Margrave buscó una carpeta que estaba en la mesa y la arrojó al regazo de Barrett.
—Cuando leas esto, creo que cambiarás de opinión respecto a dejar el proyecto.
—¿Qué pasa con la nieta?
—Es paleontóloga y trabaja para la Universidad de Alaska. Gant y yo decidimos enviar a alguien allí para que hable con ella.
—¿Por qué no dejamos el proyecto en suspenso hasta que averigüemos qué sabe?
—Esperaré, pero mientras tanto quiero tener todas las piezas acomodadas para que podamos ponernos en marcha de inmediato. —Margrave se volvió hacia Doyle, que no se había perdido ni una palabra de la conversación—. ¿Tú qué opinas?
—Diablos, yo no soy más que un pobre piloto sureño. Yo nado con la corriente.
Margrave le hizo un guiño a Barrett.
—Spider y yo estaremos ocupados durante un rato.
—Vale.
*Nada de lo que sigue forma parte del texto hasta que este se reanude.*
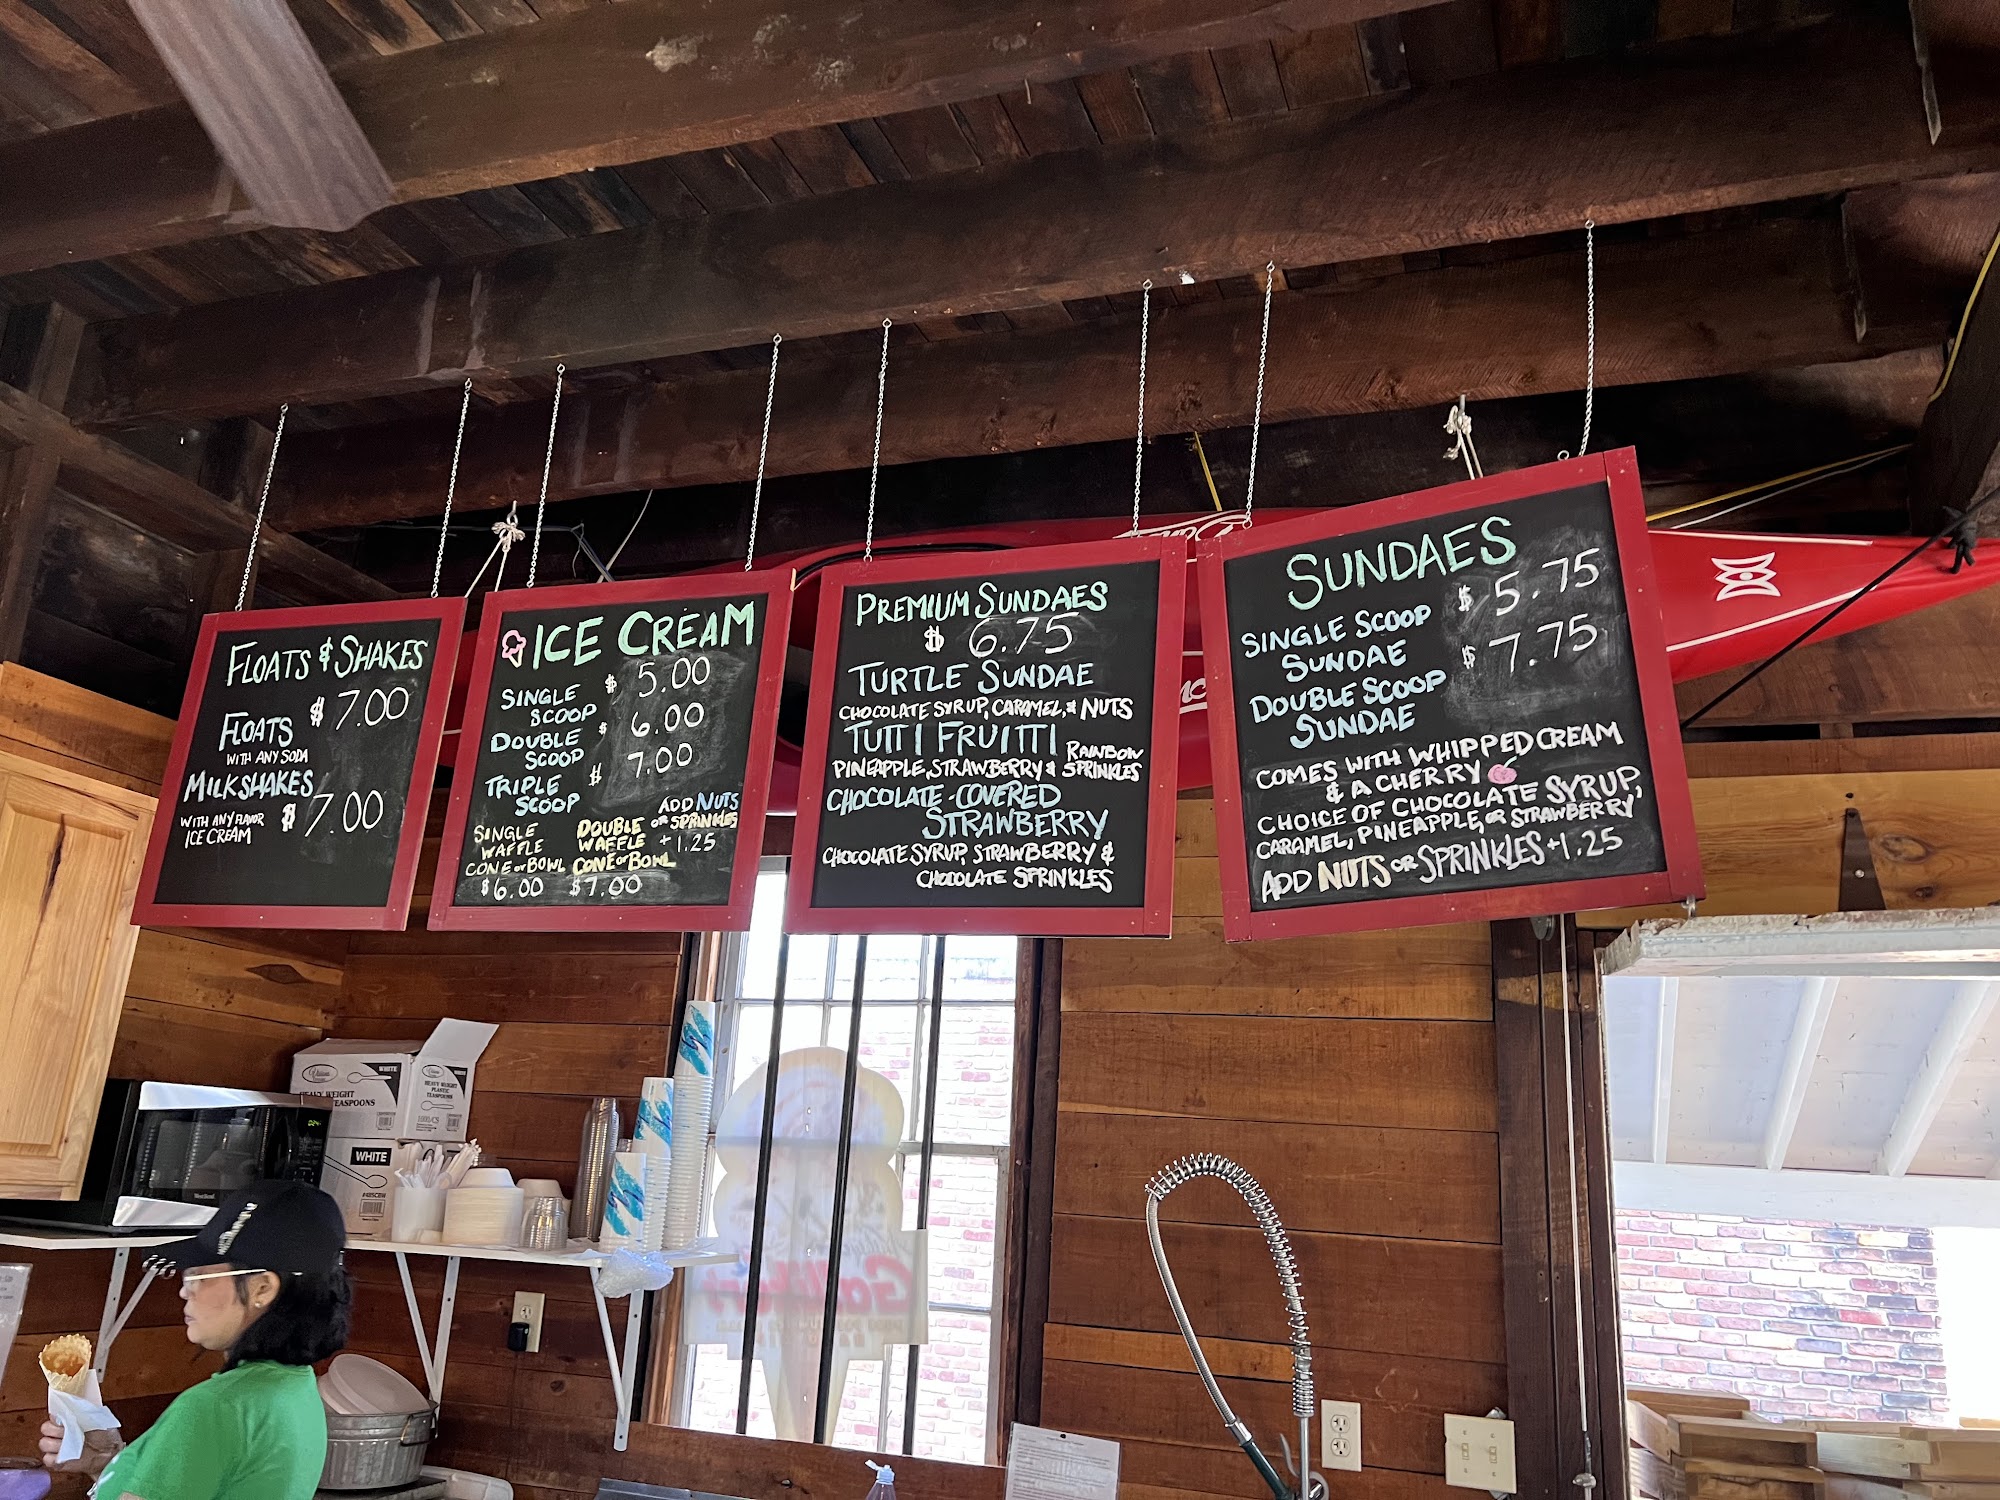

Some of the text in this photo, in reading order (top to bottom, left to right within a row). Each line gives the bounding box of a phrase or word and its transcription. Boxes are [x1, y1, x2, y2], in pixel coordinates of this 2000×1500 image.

[1286, 515, 1518, 611] SUNDAES
[1458, 547, 1601, 617] $ 5.75
[855, 580, 1109, 627] PREMIUM SUNDAES
[533, 601, 755, 670] ICE CREAM
[923, 611, 1080, 659] $ 6.75
[1240, 604, 1433, 660] SINGLE SCOOP
[1461, 612, 1599, 675] $ 7.75
[226, 635, 429, 686] FLOATS & SHAKES
[1280, 639, 1408, 684] SUNDAE
[604, 656, 711, 699] $ 5.00
[848, 659, 1094, 697] TURTLE SUNDAE
[310, 686, 410, 730] $ 7.00
[501, 683, 581, 710] SINGLE
[838, 699, 930, 722] CHOCOLATE
[933, 697, 989, 721] SYRUP,
[991, 698, 1065, 719] CARAMEL,
[1080, 697, 1134, 721] NUTS
[1249, 682, 1356, 724] DOUBLE
[1361, 668, 1447, 704] SCOOP
[218, 711, 293, 751] FLOATS
[530, 703, 597, 727] SCOOP
[598, 702, 705, 737] $ 6.00
[1289, 702, 1417, 749] SUNDAE
[491, 728, 582, 753] DOUBLE
[843, 720, 1058, 756] TUTTI FRUITTI
[1066, 740, 1145, 762] RAINBOW
[226, 749, 308, 766] WITH ANY SODA
[525, 749, 585, 770] SCOOP
[588, 742, 693, 787] $ 7.00
[832, 758, 1143, 783] PINEAPPLE, STRAWBERRY & SPRINKLES
[1255, 721, 1624, 790] COMES WITH WHIPPED CREAM
[183, 769, 314, 802] MILKSHAKES
[485, 773, 562, 799] TRIPLE
[1325, 759, 1481, 805] & A CHERRY
[281, 789, 384, 837] $ 7.00
[514, 792, 580, 817] SCOOP
[658, 792, 739, 814] ADD NUTS
[1257, 765, 1644, 835] CHOICE OF CHOCOLATE SYRUP,
[180, 812, 265, 828] WITH ANY FLAVOR
[473, 822, 539, 844] SINGLE
[576, 816, 645, 840] DOUBLE
[669, 811, 738, 831] SPRINKLES
[921, 807, 1110, 840] STRAWBERRY
[1256, 833, 1355, 861] CARAMEL,
[1357, 811, 1485, 845] PINEAPPLE,
[1510, 794, 1637, 829] STRAWBERRY
[185, 827, 251, 848] ICE CREAM
[481, 838, 544, 860] WAFFLE
[577, 833, 646, 853] WAFFLE
[821, 840, 1116, 867] CHOCOLATE SYRUP, STRAWBERRY &
[465, 860, 512, 878] CONE
[526, 856, 567, 875] BOWL
[572, 852, 616, 876] CONE
[627, 851, 677, 871] BOWL
[916, 866, 1114, 894] CHOCOLATE SPRINKLES
[1259, 869, 1313, 903] ADD
[1316, 854, 1392, 891] NUTS
[1417, 829, 1546, 883] SPRINKLES
[378, 1065, 398, 1073] WHITE
[325, 1090, 354, 1098] WEIGHT
[355, 1150, 387, 1163] WHITE
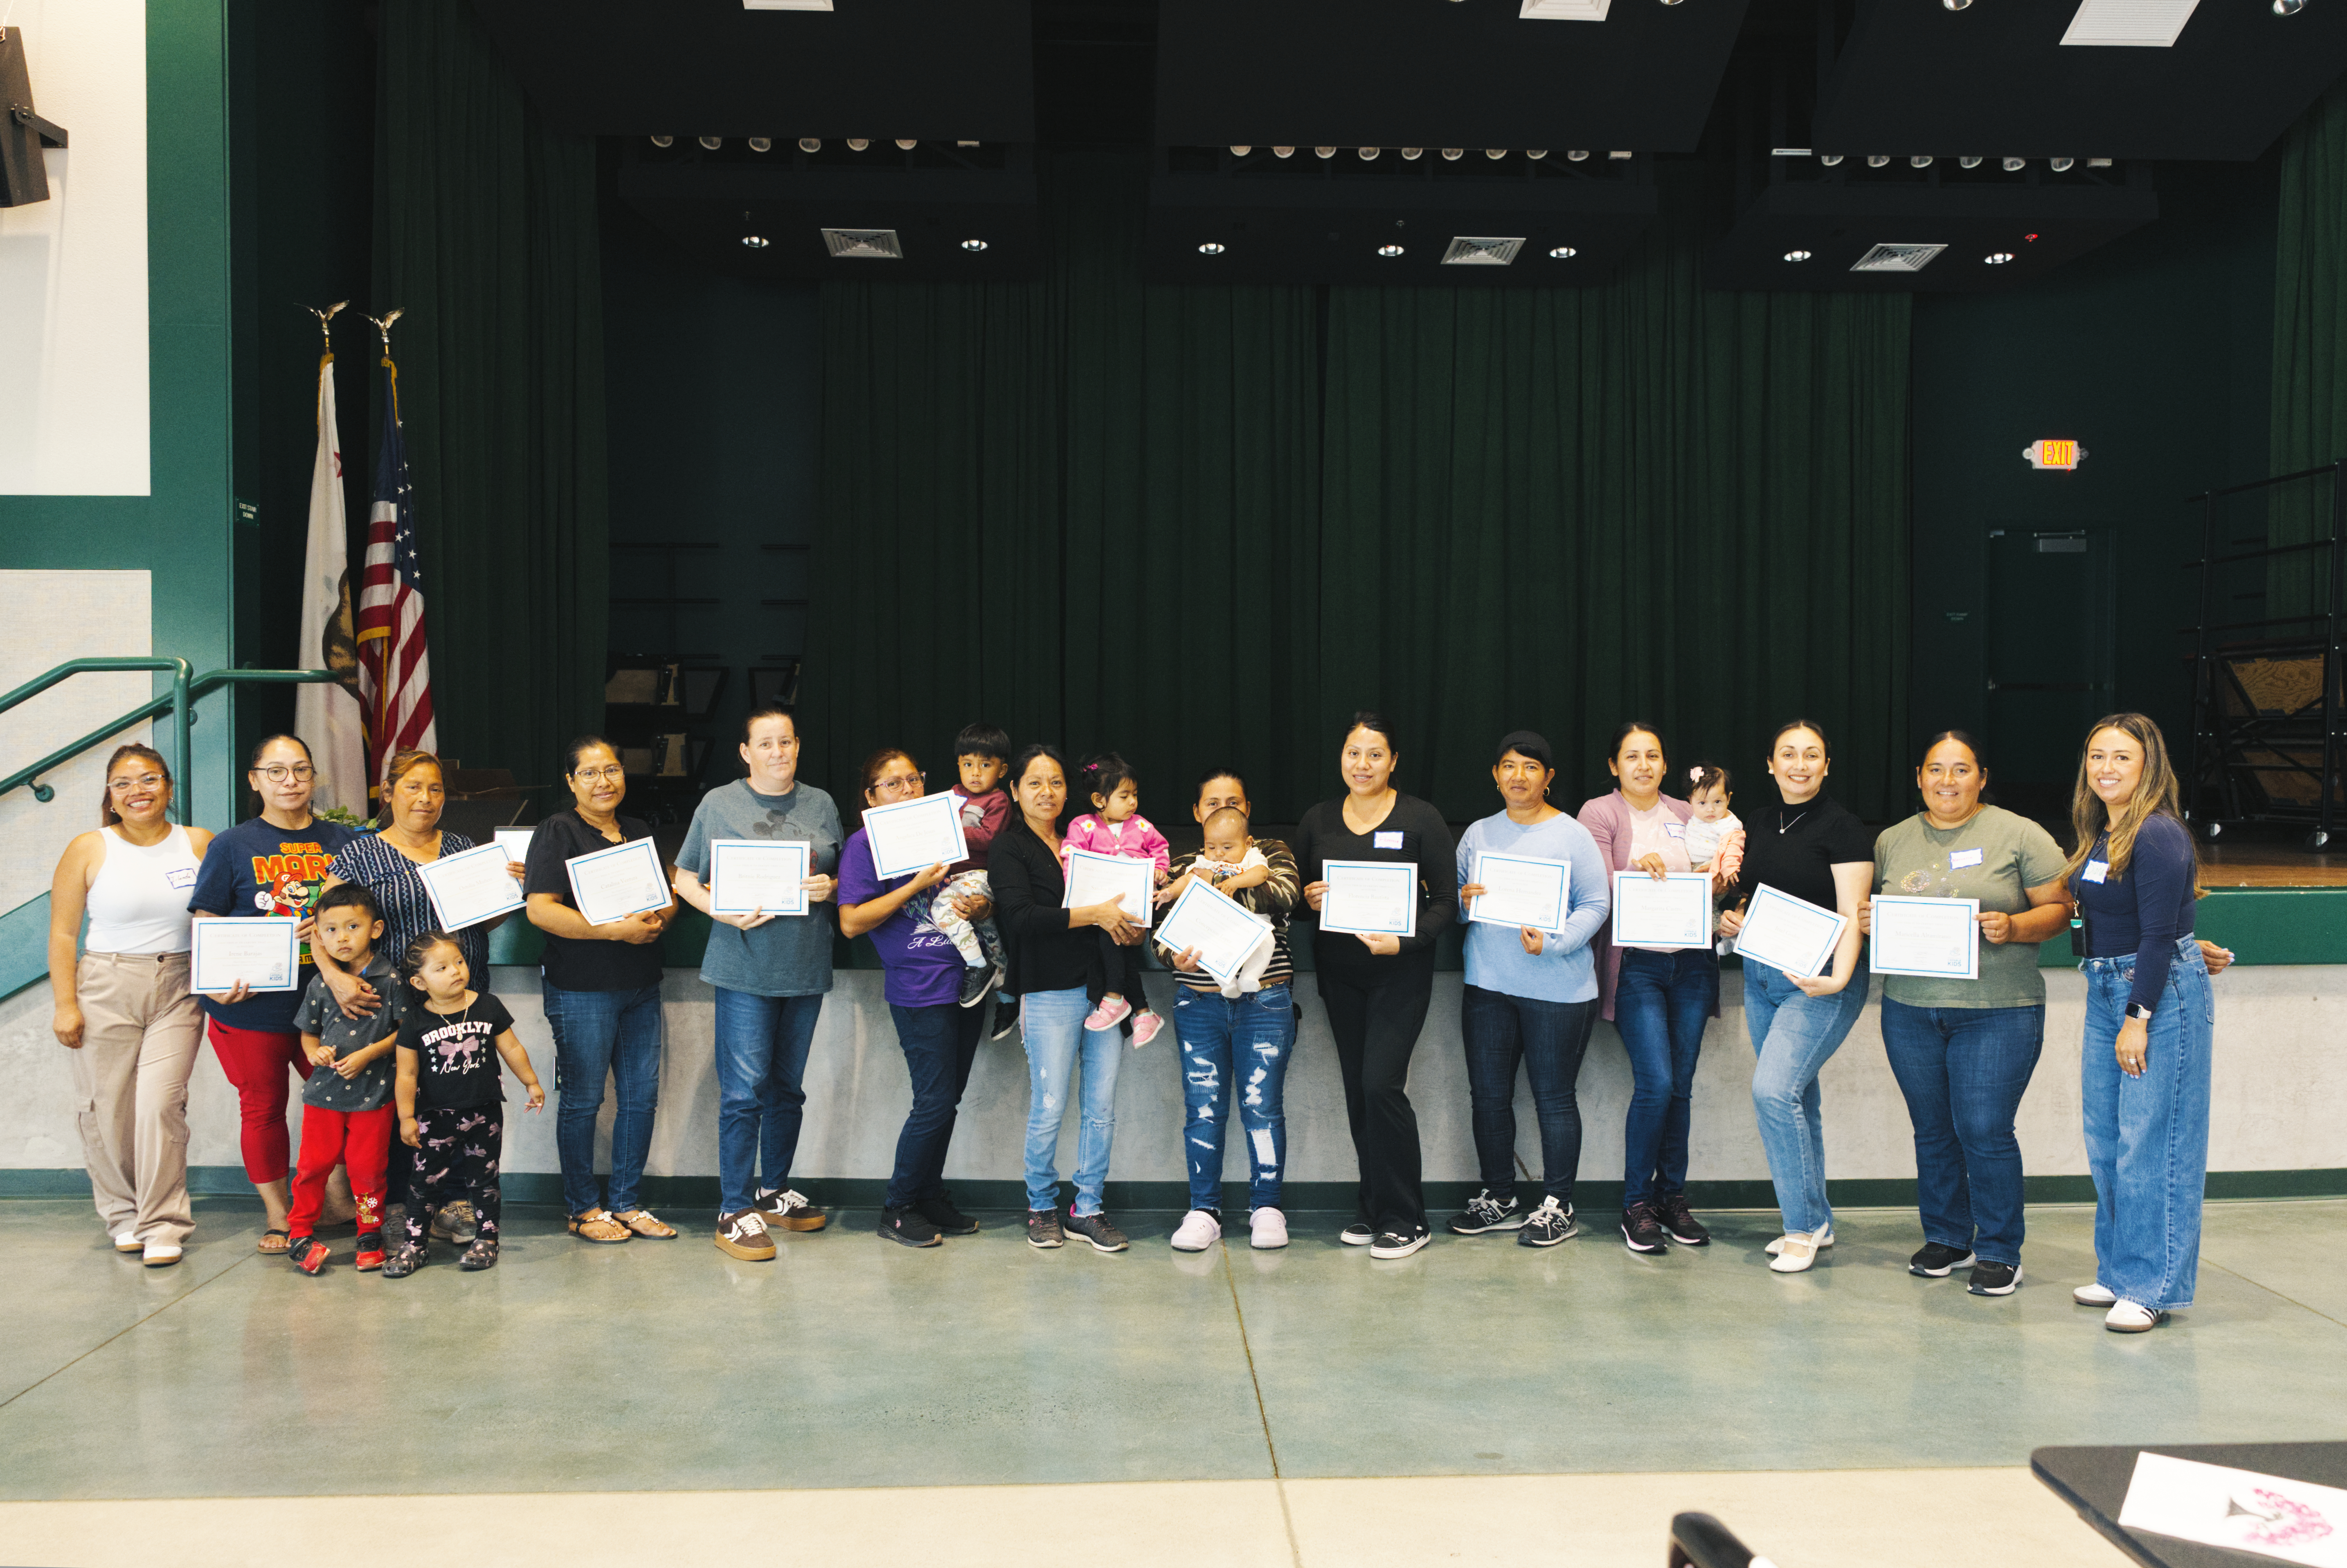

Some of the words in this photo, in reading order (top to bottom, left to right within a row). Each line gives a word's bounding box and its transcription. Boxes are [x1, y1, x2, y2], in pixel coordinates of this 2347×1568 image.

Voy a buscar otra cerveza y saldré a dar un paseo —dijo el piloto.
En cuanto se marchó Doyle, los dos hombres se pusieron al ordenador. Acordaron reunirse de nuevo cuando acabaron de perfilar su plan hasta donde era posible. Doyle rondaba por el muelle cuando se acabó la visita.
—Te agradezco que hayas cambiado de opinión y sigas con el proyecto —le dijo Margrave a Barrett—. Llevamos siendo amigos desde hace mucho tiempo.
—Esto va más allá de la amistad —replicó Barrett.
Se dieron la mano, y minutos más tarde, el hidroavión corría por la bahía para el despegue. Margrave observó el aparato hasta que se convirtió en un punto en el cielo, y luego entró en la casa. Miró a través de la ventana del primer piso con una sonrisa en su rostro delgado. Barrett era un genio, pero increíblemente ingenuo en todo lo referente a la política.
A pesar de las promesas, Margrave no tenía la intención de demorar el proyecto. Si alguna vez había existido un momento donde el fin justificaba los medios, era ahora.